Si la plupart des pays n'ont qu'un réseau, deux à tout casser (Danemark), et si l'Allemagne, le Luxembourg et l'Autriche se regroupent sous un seul réseau...
L'Italie a plus d'une dizaine de réseaux différents ! Et autant de fichier à télécharger.
Et c'est pas optimisé, hein ! Faut sélectionner un pays/réseau [patientez], "Export Data", "Year.xlsx", enregistrer sous, donner et nom... Pour les dix réseaux italiens et pour chaque autre réseau :(
Bon, pas question de faire toute l'Europe à ce niveau. Et puis, quel intérêt ?
J'essaye de sortir d'un point de vue fermé sur la France, mais je reste centré sur la France : j'ai pris tous les pays interconnectés à la France, et tous les pays interconnectés à ceux-là.
Toutes les relations au deuxième niveau, en quelque sorte.
Ainsi, sans aller jusqu'en Ukraine, je pousse jusqu'à la Pologne à l'Est, le Danemark au Nord, l'Irlande à l'Ouest et le Portugal au Sud. J'vous filerai la liste complète.
Et, basique, je récupère les productions éoliennes onshore et offshore de tous ces pays (France incluse)...
...et je somme le tout, point par point (pas horaire, pour rappel). Et j'obtiens une charmante courbe de la production éolienne en Europe de l'Ouest du 1er Janvier dernier au 31 août dernier.
Bon il manque quelques données sur les derniers jours d'août, c'est approximatif.
Bon, sans rire, ça fait un paquet de turbines, hein. 150 GW, à une vache près. Si je prends la moyenne française d'environ 2.2 MW/mât, ça fait 70 000 éoliennes.
Même puissance que le parc hydro de toute l'UE, un peu plus que son parc nucléaire.
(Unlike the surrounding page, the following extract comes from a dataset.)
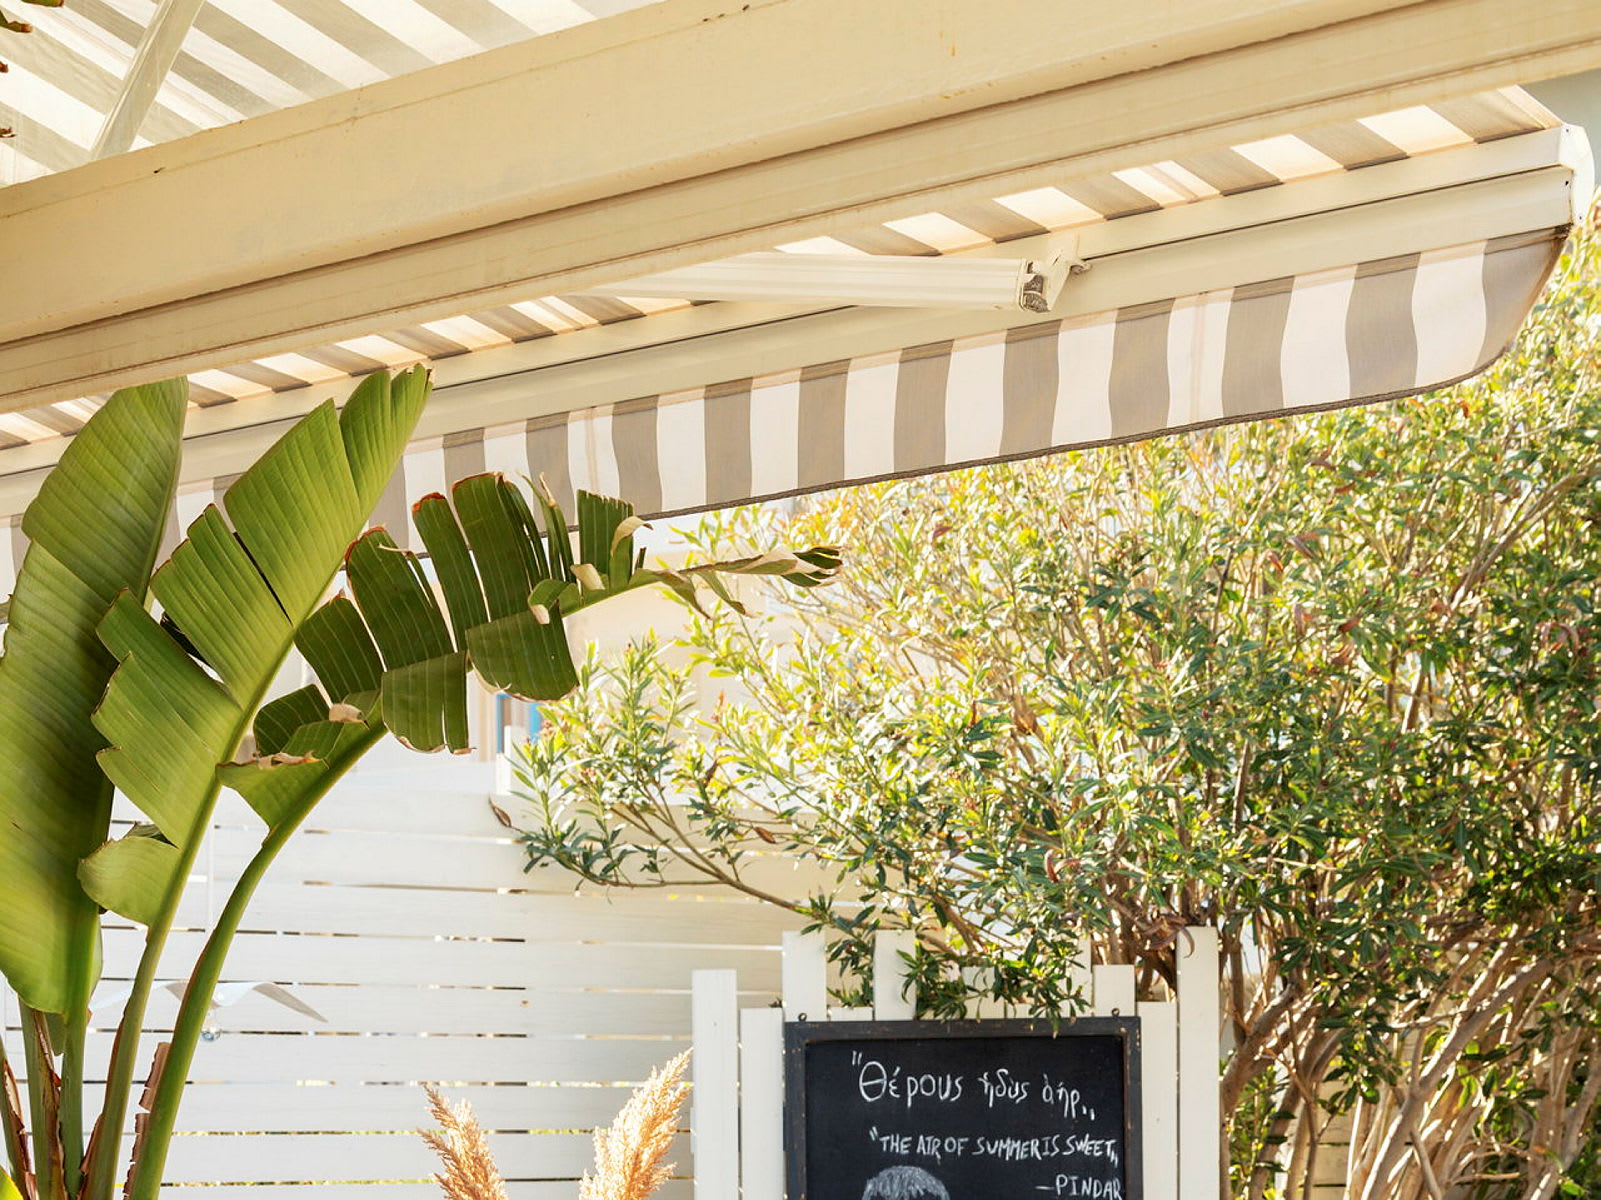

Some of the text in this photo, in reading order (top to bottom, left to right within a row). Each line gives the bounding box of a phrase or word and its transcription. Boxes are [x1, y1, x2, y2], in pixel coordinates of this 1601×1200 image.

[916, 1134, 942, 1165] AIR
[944, 1136, 972, 1157] OF
[972, 1136, 1041, 1161] SUMMER
[1042, 1136, 1060, 1158] IS
Et la résultante de tout ce parc, c'est ça.
Liste des pays et de leurs parcs respectifs, et quelques données statistiques de base inclues sur la figure.
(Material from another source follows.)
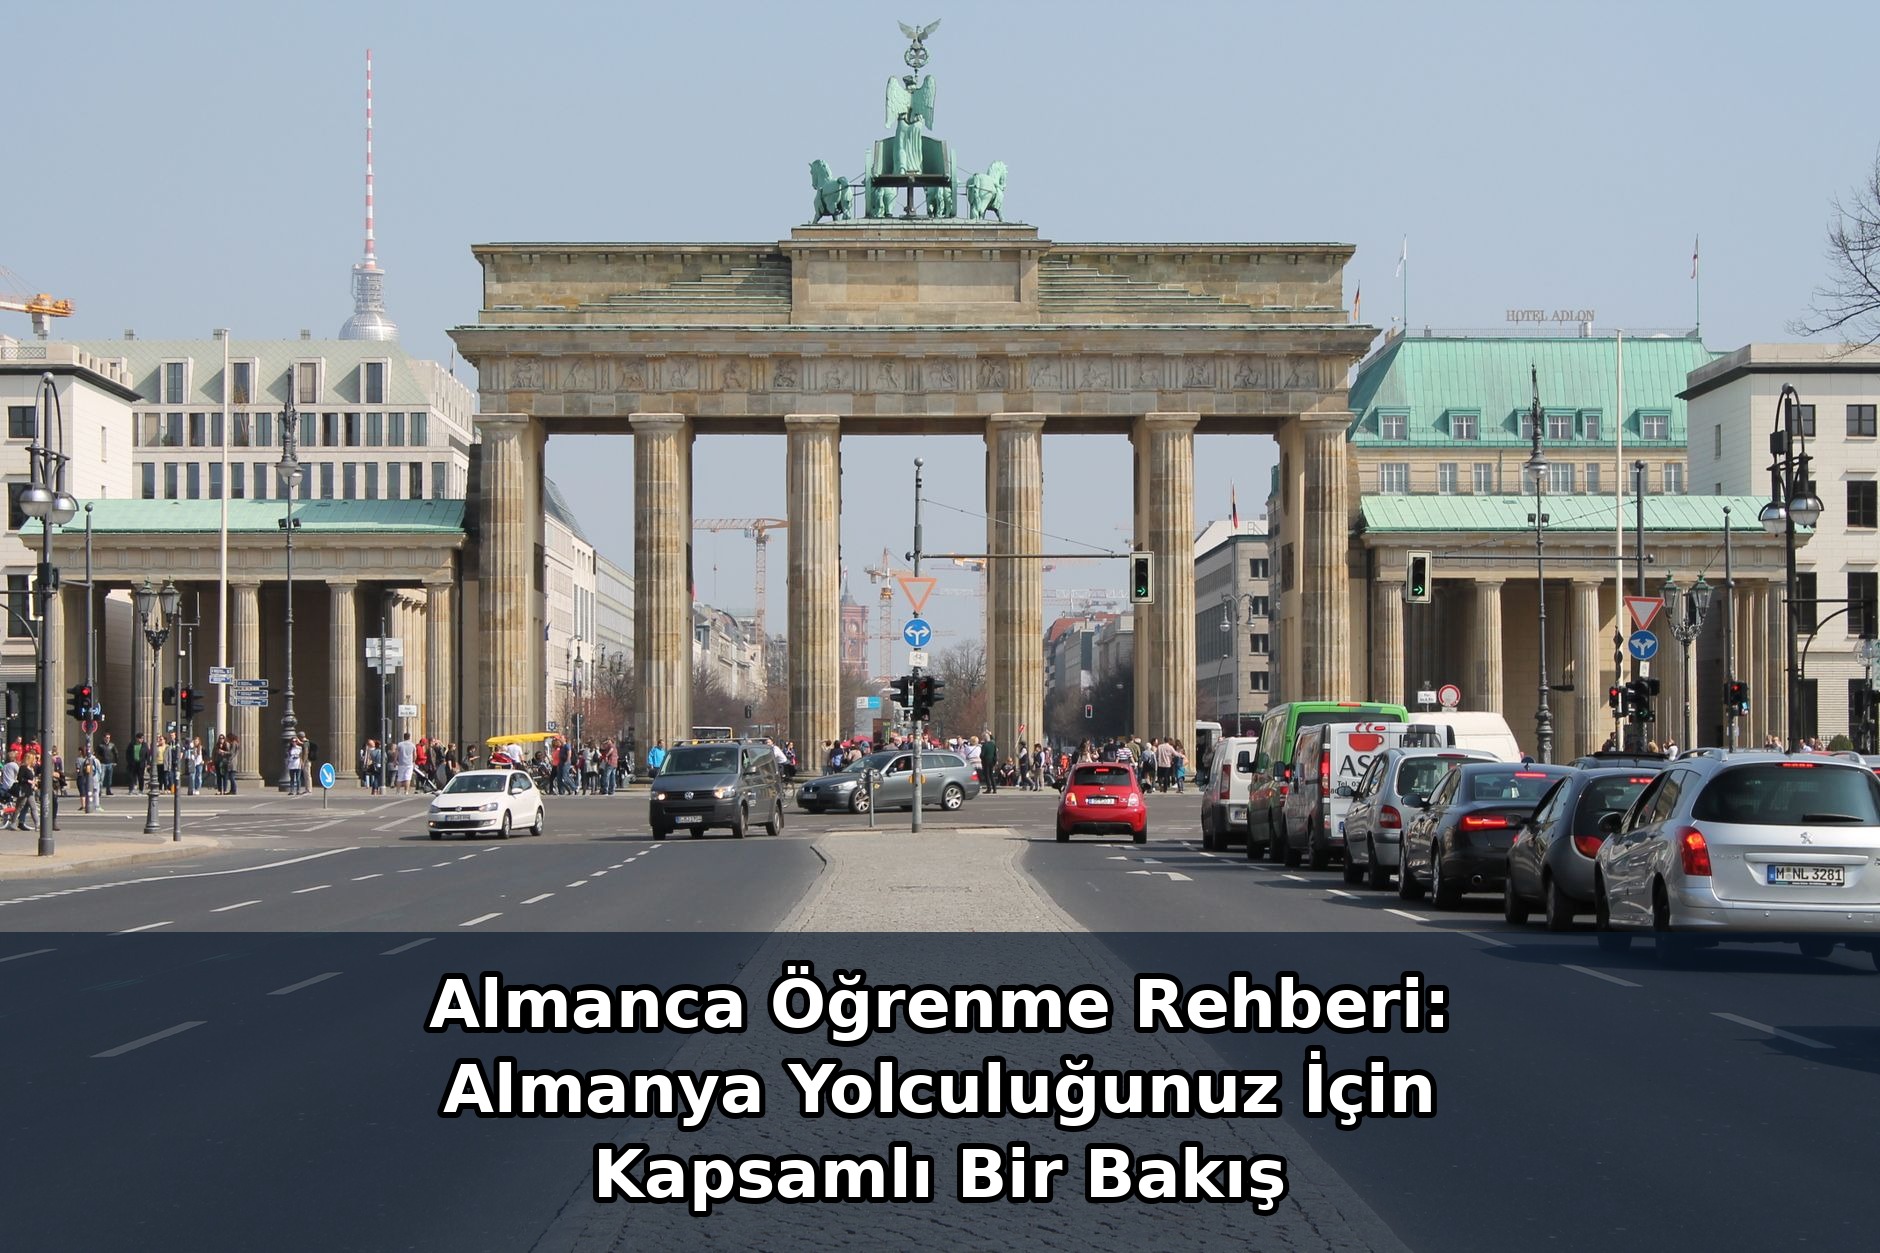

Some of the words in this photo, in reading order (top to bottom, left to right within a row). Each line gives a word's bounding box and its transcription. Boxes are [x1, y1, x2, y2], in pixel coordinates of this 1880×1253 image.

Alors j'ai conscience que c'est pas une courbe super agréable à regarder sur mobile, et peut-être même pas simple sur PC, une fois redimensionnée sur Twitter.
Bon. C'est sans appel... Ça fluctue toujours énormément, même à cette échelle de 3000*3000 km. On produit entre 7% et 60% de la puissance nominale, ce qui n'est pas sans rappeler le cas français isolé :
J'avais une zone de texte avec la moyenne et les extrema qui s'est perdue de la figure en cours de route. De mémoire, la moyenne était entre 38 et 39 GW, quant aux extrema, vous pouvez les évaluer sur la courbe.
Au final, à cette vaste échelle, que conclure ? Tout simplement que 150 GW peinent à garantir une puissance d'une vingtaine de GW (délivrée 90% du temps sur cette période).
Et dans le cas où l'on est prêt à payer le déploiement de 150 GW pour seulement 20 GW de puissance disponible en à-peu-près-base, il faut prévoir de gérer des pics de 80 à 90 GW. Ou accepter de laisser se perdre l'essentiel de la (sur)production.
Alors... Certes, on peut concéder un très faible effet foisonnement, parce qu'on arrive à ne tomber sous les 10 GW que très, très exceptionnellement, et qu'on arrive à soutenir 20 GW une large partie du temps, ce qui est est quand même une performance honorable.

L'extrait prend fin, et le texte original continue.